David Savage at LA Times:
When the incoming Chief Justice John G. Roberts Jr. came before the Senate for confirmation seven years ago, President Reagan's solicitor general gave him a warm endorsement as a "careful, modest" judge.

"He's not a man on a mission," Harvard Law professor Charles Fried testified, adding that Roberts was not likely "to embark on constitutional adventures."

But two years ago, the Roberts-led Supreme Court struck down the federal and state laws that for a century had barred corporations and unions from pouring money into election campaigns.

And last week, the court's conservatives, including Roberts, suggested they may well strike down President Obama's healthcare law as unconstitutional. If so, it would be the first time since 1936 that the Supreme Court voided a major federal regulatory law.


After the healthcare arguments, Fried was among those who worried aloud about the prospect of the Roberts court embarking on a new era of judicial activism.

If the court were to invalidate the healthcare law, "It would be more problematic than Bush v. Gore," Fried said in an interview, referring to the case that decided the 2000 presidential race. "It would be plainly at odds with precedent, and plainly in conflict with what several of the justices have said before."

His comments highlight a growing divide between an earlier generation of judicial conservatives who stressed a small role for the courts in deciding national controversies and many of today's conservative justices who are more inclined to rein in the government.

At the heart of last week's argument over the healthcare law was a dispute over power.
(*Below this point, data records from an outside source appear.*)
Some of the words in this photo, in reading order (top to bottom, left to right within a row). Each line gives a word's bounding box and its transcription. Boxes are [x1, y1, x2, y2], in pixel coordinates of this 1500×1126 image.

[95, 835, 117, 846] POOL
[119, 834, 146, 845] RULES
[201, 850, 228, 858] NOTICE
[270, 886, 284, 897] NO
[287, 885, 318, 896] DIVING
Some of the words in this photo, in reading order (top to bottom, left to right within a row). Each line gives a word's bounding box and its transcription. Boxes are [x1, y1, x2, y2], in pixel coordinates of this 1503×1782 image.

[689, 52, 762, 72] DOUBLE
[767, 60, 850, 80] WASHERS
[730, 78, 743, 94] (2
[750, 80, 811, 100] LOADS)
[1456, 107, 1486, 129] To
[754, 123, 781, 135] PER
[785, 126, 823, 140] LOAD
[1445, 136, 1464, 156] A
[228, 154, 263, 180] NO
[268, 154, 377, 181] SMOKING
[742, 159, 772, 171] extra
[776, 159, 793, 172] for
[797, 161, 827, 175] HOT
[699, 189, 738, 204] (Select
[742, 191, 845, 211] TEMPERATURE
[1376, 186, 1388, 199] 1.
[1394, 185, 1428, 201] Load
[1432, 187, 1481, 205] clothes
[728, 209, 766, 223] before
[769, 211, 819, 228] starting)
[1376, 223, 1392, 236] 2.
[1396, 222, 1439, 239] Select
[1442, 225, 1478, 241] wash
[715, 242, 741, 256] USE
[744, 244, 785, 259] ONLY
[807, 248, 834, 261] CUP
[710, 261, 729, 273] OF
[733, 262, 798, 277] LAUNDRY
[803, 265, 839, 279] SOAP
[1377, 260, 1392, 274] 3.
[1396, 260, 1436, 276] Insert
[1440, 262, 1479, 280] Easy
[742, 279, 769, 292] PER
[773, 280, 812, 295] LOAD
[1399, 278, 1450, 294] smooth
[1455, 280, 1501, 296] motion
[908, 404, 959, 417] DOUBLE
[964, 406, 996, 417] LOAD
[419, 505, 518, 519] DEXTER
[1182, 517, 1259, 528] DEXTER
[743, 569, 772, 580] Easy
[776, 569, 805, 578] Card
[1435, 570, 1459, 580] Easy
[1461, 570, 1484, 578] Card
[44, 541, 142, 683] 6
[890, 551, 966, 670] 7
Does Congress or the Supreme Court define the limits of economic regulation?

The Obama administration's lawyers, relying on 20th century precedents, said Congress has broad authority to "regulate commerce" in national markets, including health insurance. Regardless of whether the healthcare law's requirement that everyone have insurance is a smart or good regulation, Solicitor Gen. Donald B. Verrilli Jr. said the "Constitution leaves [this] to the judgment of Congress and the democratically accountable branches of government."

The court's leading conservatives objected and spoke of their duty to enforce limits set by the Constitution. If the government can force people to enter the market and buy insurance, Justice Antonin Scalia asked, "what's left?"

"The federal government is not supposed to be a government that has all powers," he said.

Are "there any limits" on Congress if this stands? asked Justice Anthony M. Kennedy. Roberts said "all bets are off" if the government can regulate an industry by forcing people to buy a private product.

Fried had confidently predicted the law would be easily upheld. He said he was taken aback by the tone of the arguments. "The vehemence they displayed was totally inappropriate. They seemed to adopt the tea party slogans," he said.

Pepperdine law professor Douglas W. Kmiec, another top Justice Department lawyer under Reagan, said he hoped the justices would "come to their senses" and uphold the law as a reasonable regulation of interstate commerce...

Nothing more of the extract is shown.